Write the data out again exactly, dropping any images it holds.

■ **Entries supplied**
__________
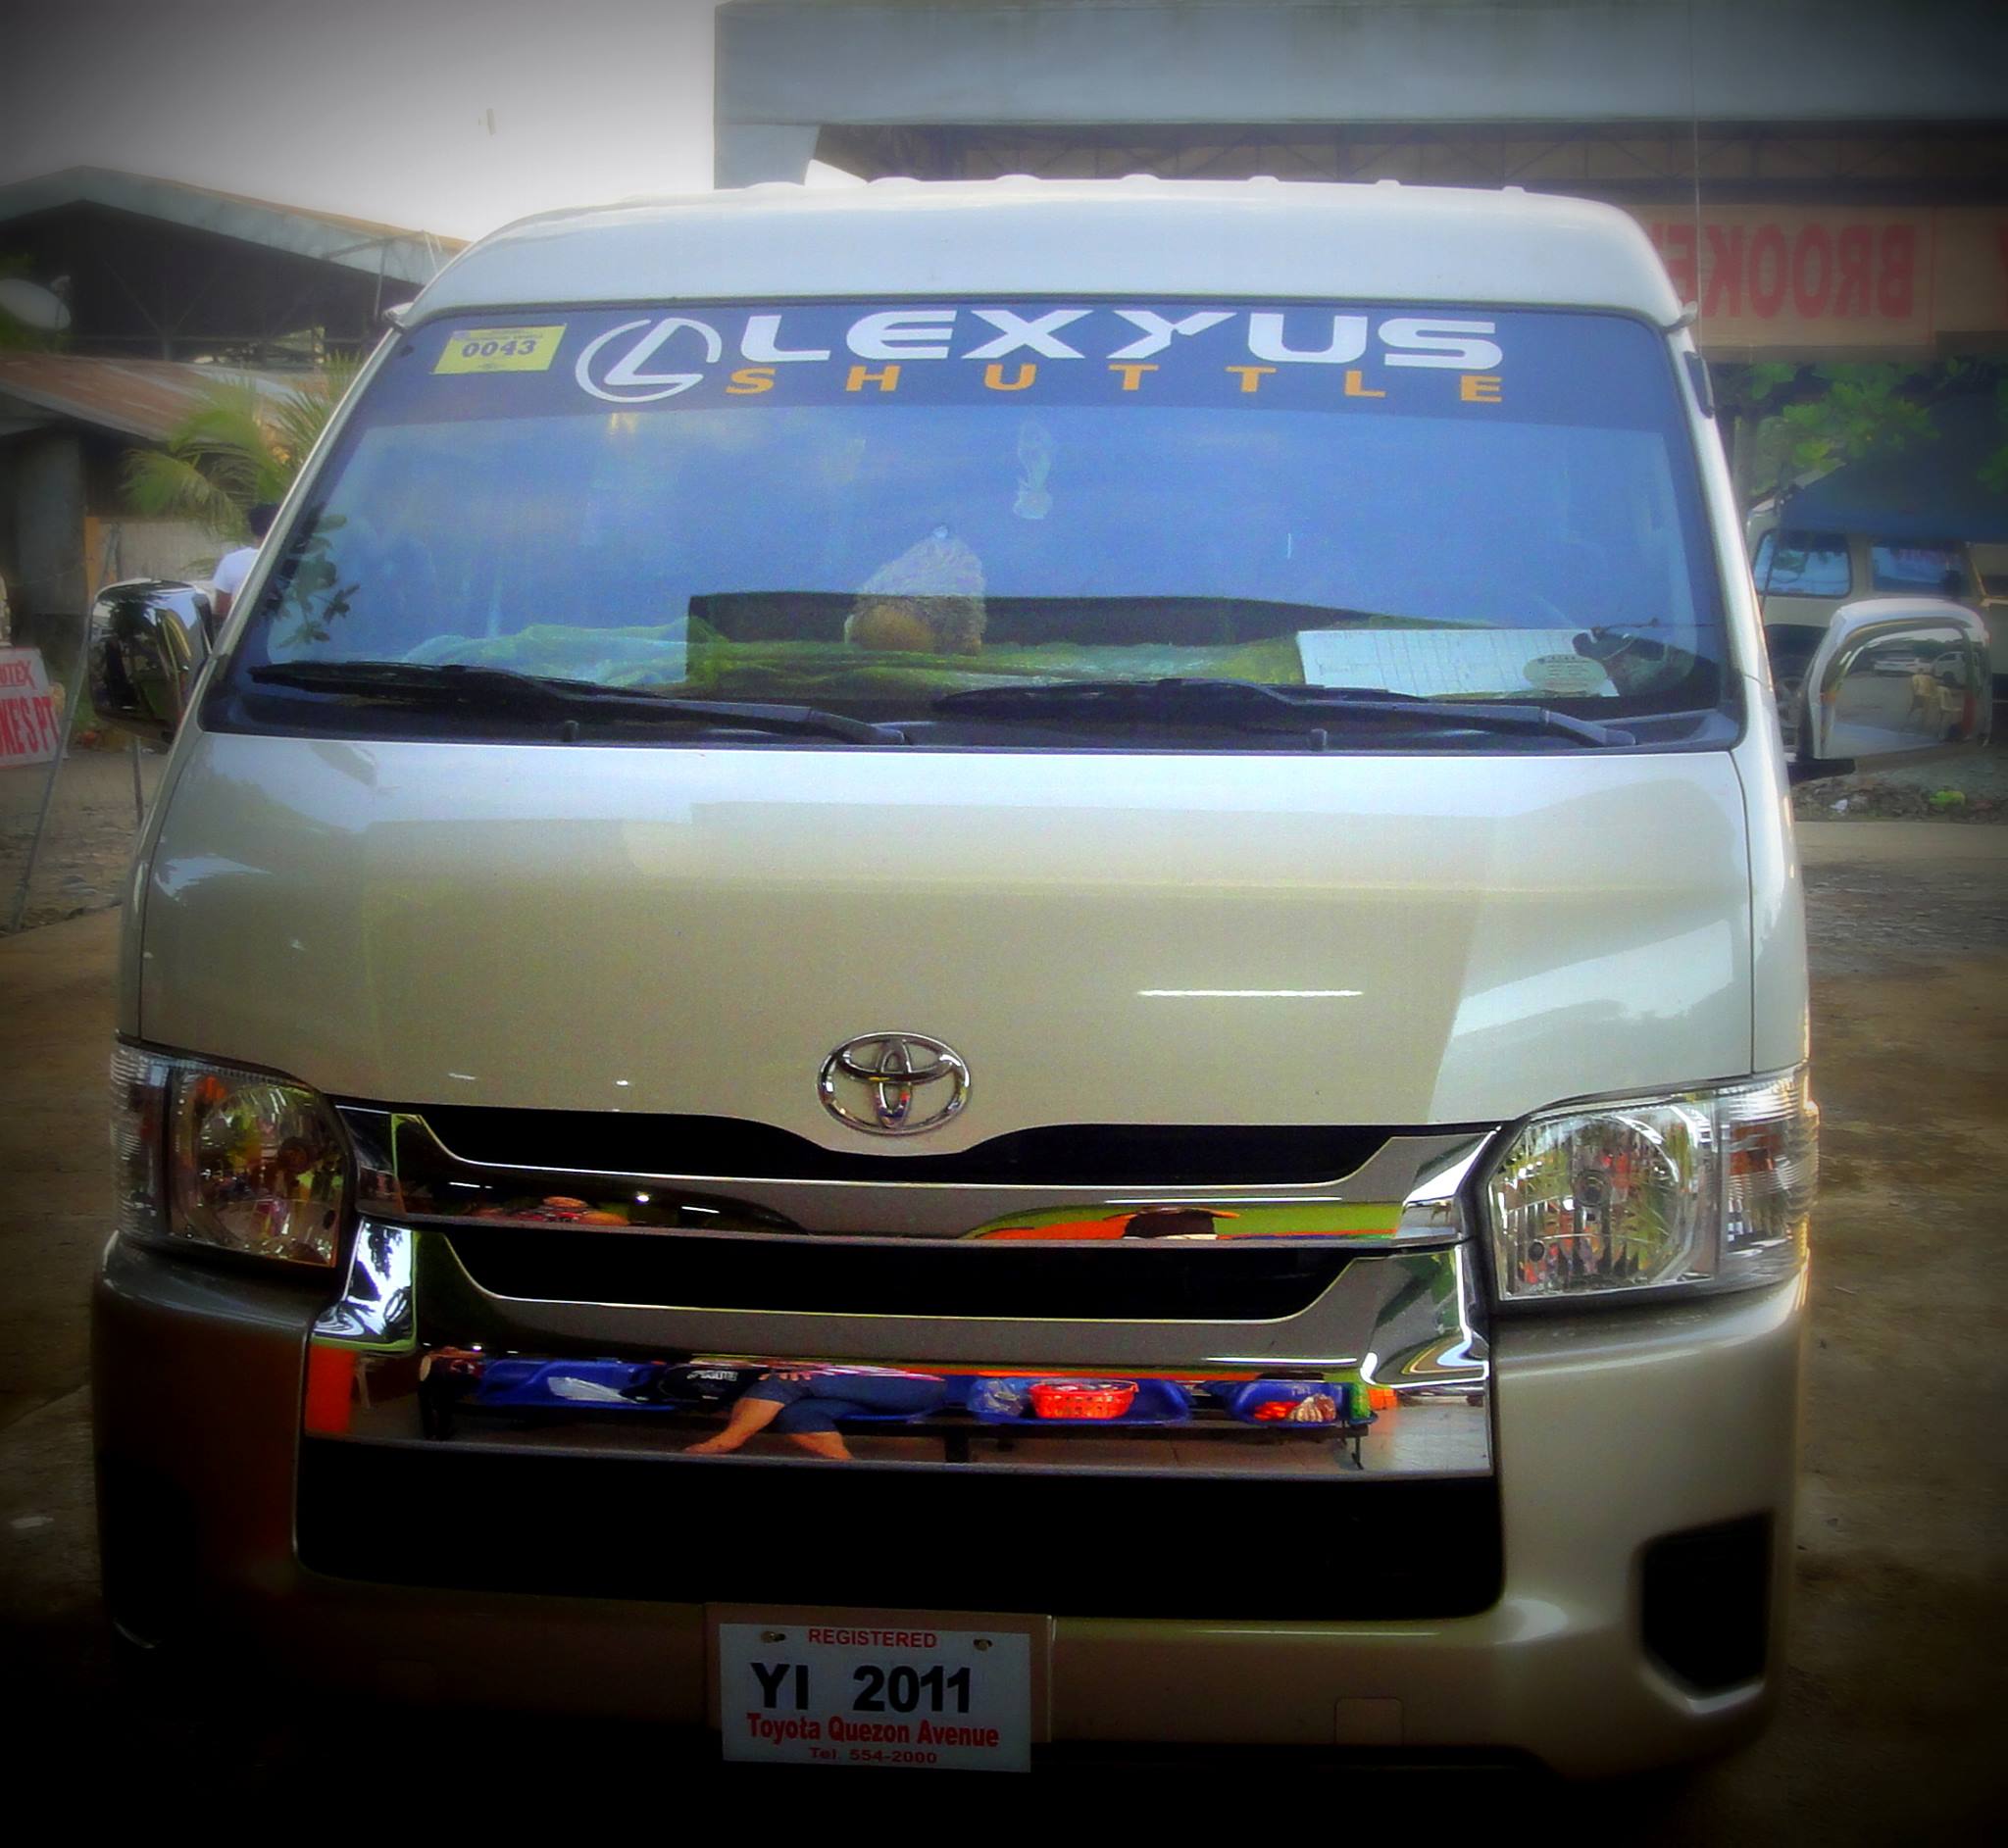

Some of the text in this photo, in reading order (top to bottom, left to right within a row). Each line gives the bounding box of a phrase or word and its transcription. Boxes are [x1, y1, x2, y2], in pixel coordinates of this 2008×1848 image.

[461, 339, 538, 359] 0043
[740, 309, 1503, 370] LEXYUS
[726, 363, 1503, 403] SHUTTLE
[808, 1628, 938, 1648] REGISTERED
[750, 1662, 972, 1714] YI 2011
[746, 1713, 1000, 1747] Toyota Quezon Avenue
[849, 1748, 938, 1765] 554-2000
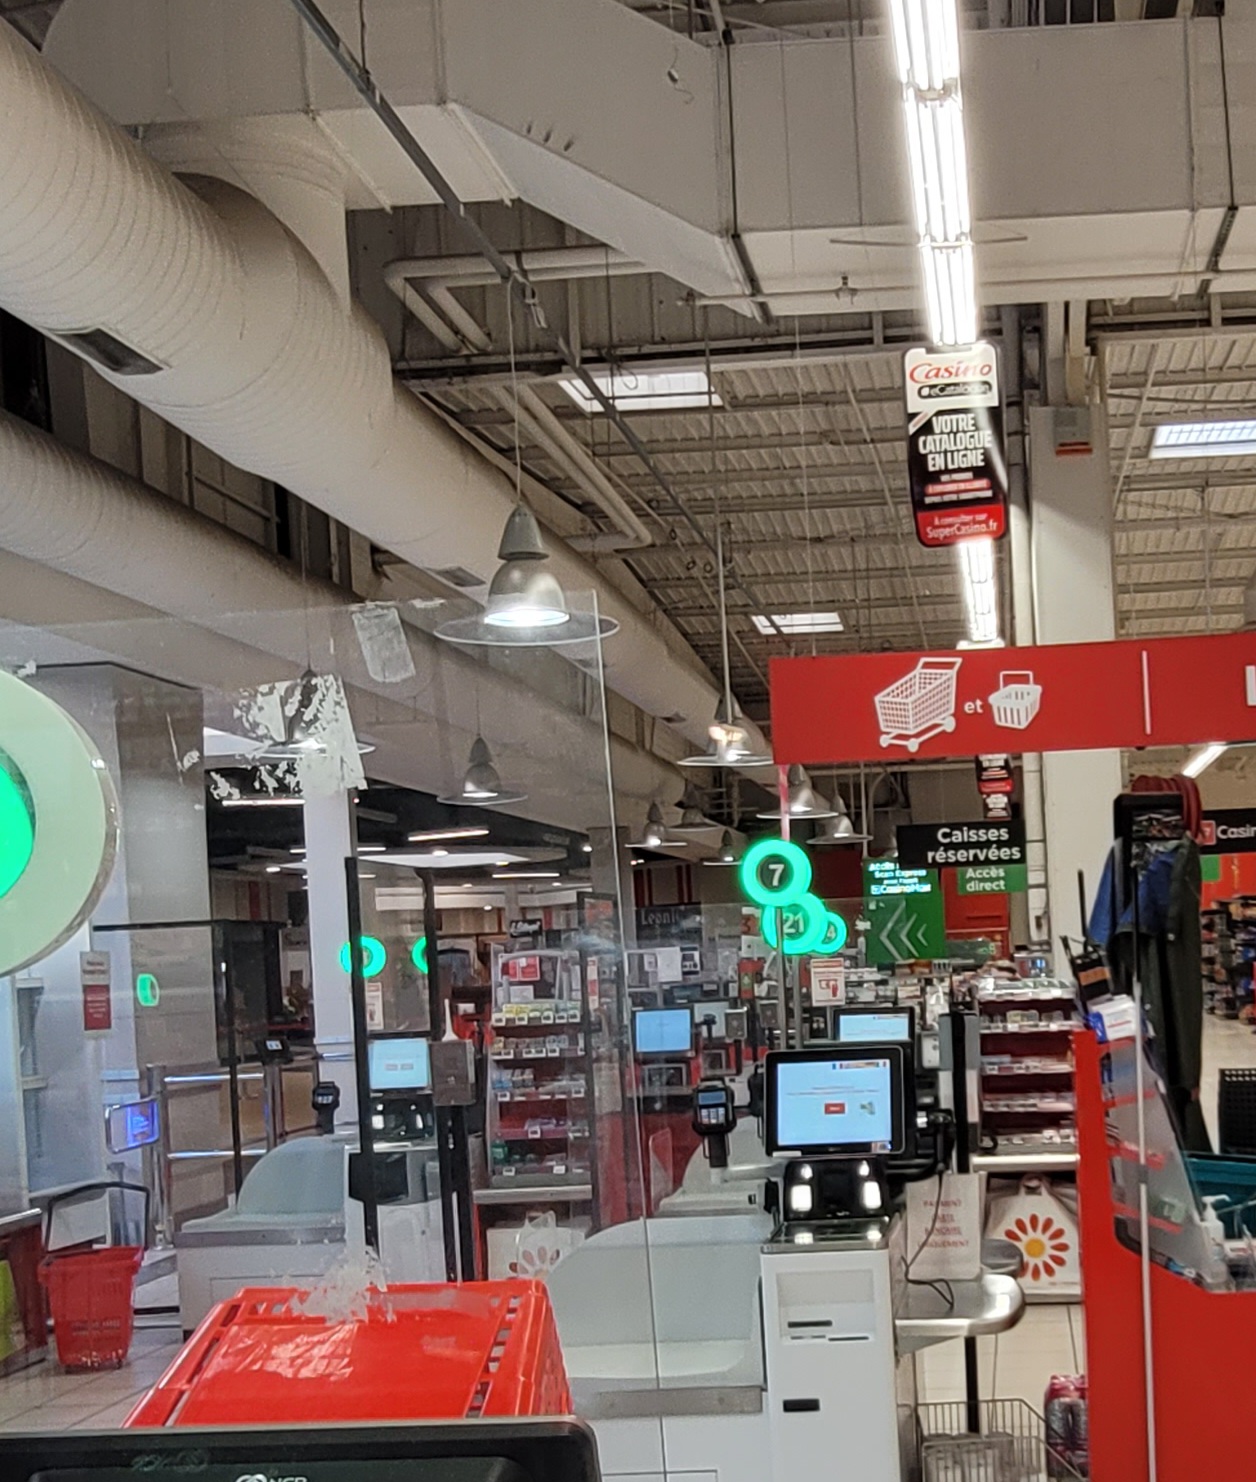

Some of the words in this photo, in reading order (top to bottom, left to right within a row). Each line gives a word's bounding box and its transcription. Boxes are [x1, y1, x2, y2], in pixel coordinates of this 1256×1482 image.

[932, 414, 976, 433] VOTRE
[918, 430, 993, 454] CATALOGUE
[927, 452, 945, 472] EN
[946, 449, 985, 470] LIGNE
[964, 698, 983, 714] et
[937, 826, 1009, 843] Caisses
[927, 844, 1021, 863] réservées
[768, 864, 785, 886] 7
[966, 866, 1005, 879] Accès
[965, 880, 1006, 892] direct
[783, 912, 805, 934] 21
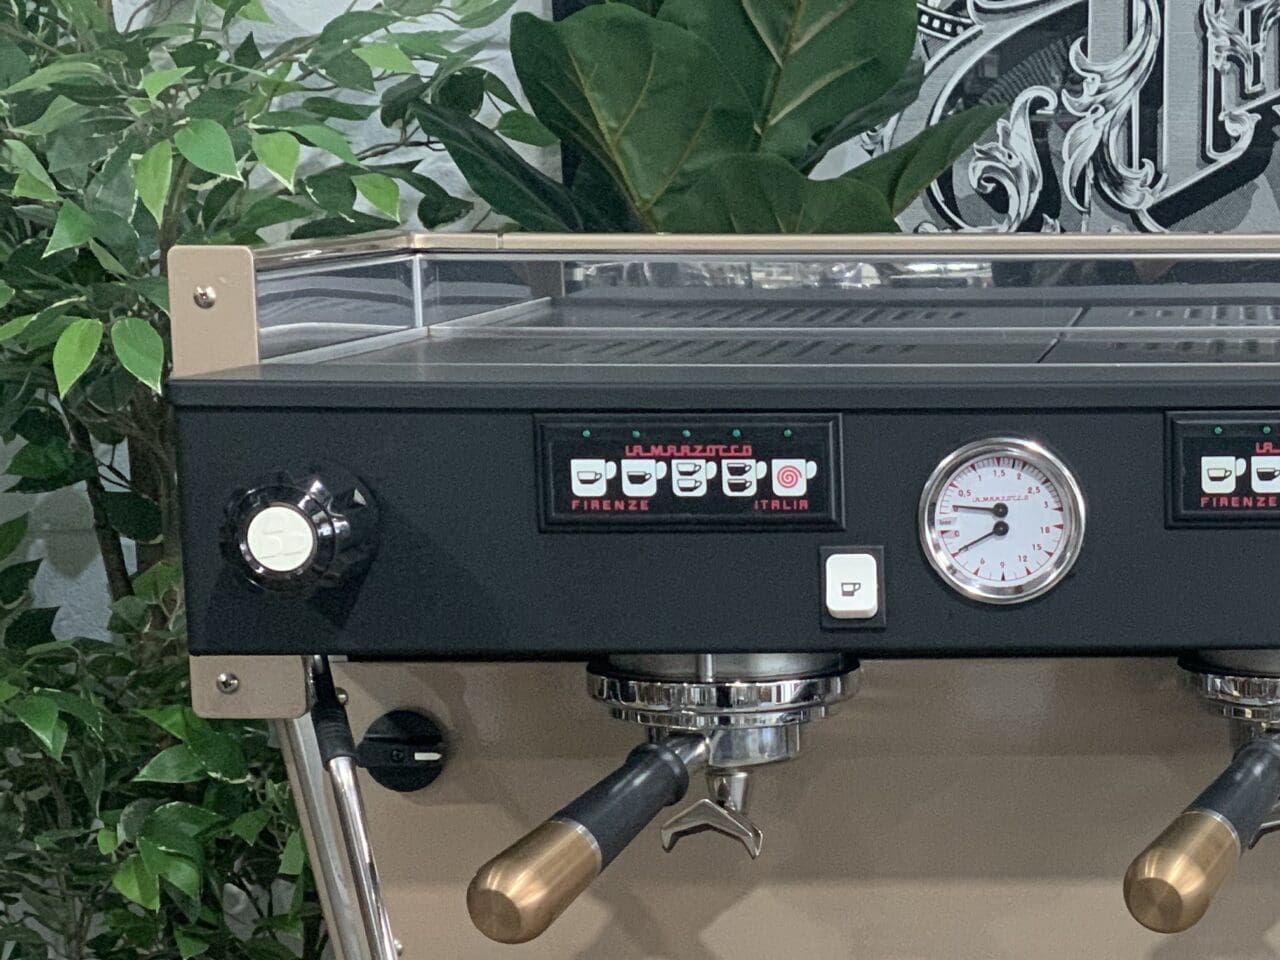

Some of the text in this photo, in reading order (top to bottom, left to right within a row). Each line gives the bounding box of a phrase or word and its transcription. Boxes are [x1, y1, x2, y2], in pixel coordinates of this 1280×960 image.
__________
■ **Output of the exercise**
Some of the text in this photo, in reading order (top to bottom, left to right within a row). Each line gives the bounding box of a phrase or word and its transcription. Boxes are [x1, y1, x2, y2], in pixel coordinates of this 2008×1848 image.

[461, 339, 538, 359] 0043
[740, 309, 1503, 370] LEXYUS
[726, 363, 1503, 403] SHUTTLE
[808, 1628, 938, 1648] REGISTERED
[750, 1662, 972, 1714] YI 2011
[746, 1713, 1000, 1747] Toyota Quezon Avenue
[849, 1748, 938, 1765] 554-2000

Some of the words in this photo, in reading order (top to bottom, left to right within a row). Each line gives a word's bounding box and its transcription. Boxes are [x1, y1, x2, y2], in pixel coordinates of this 1256×1482 image.

[932, 414, 976, 433] VOTRE
[918, 430, 993, 454] CATALOGUE
[927, 452, 945, 472] EN
[946, 449, 985, 470] LIGNE
[964, 698, 983, 714] et
[937, 826, 1009, 843] Caisses
[927, 844, 1021, 863] réservées
[768, 864, 785, 886] 7
[966, 866, 1005, 879] Accès
[965, 880, 1006, 892] direct
[783, 912, 805, 934] 21

Some of the text in this photo, in reading order (top to bottom, left to right within a row). Each line gives the bounding box of a phrase or word and its transcription. Boxes are [x1, y1, x2, y2], in pixel coordinates of this 1280×960 image.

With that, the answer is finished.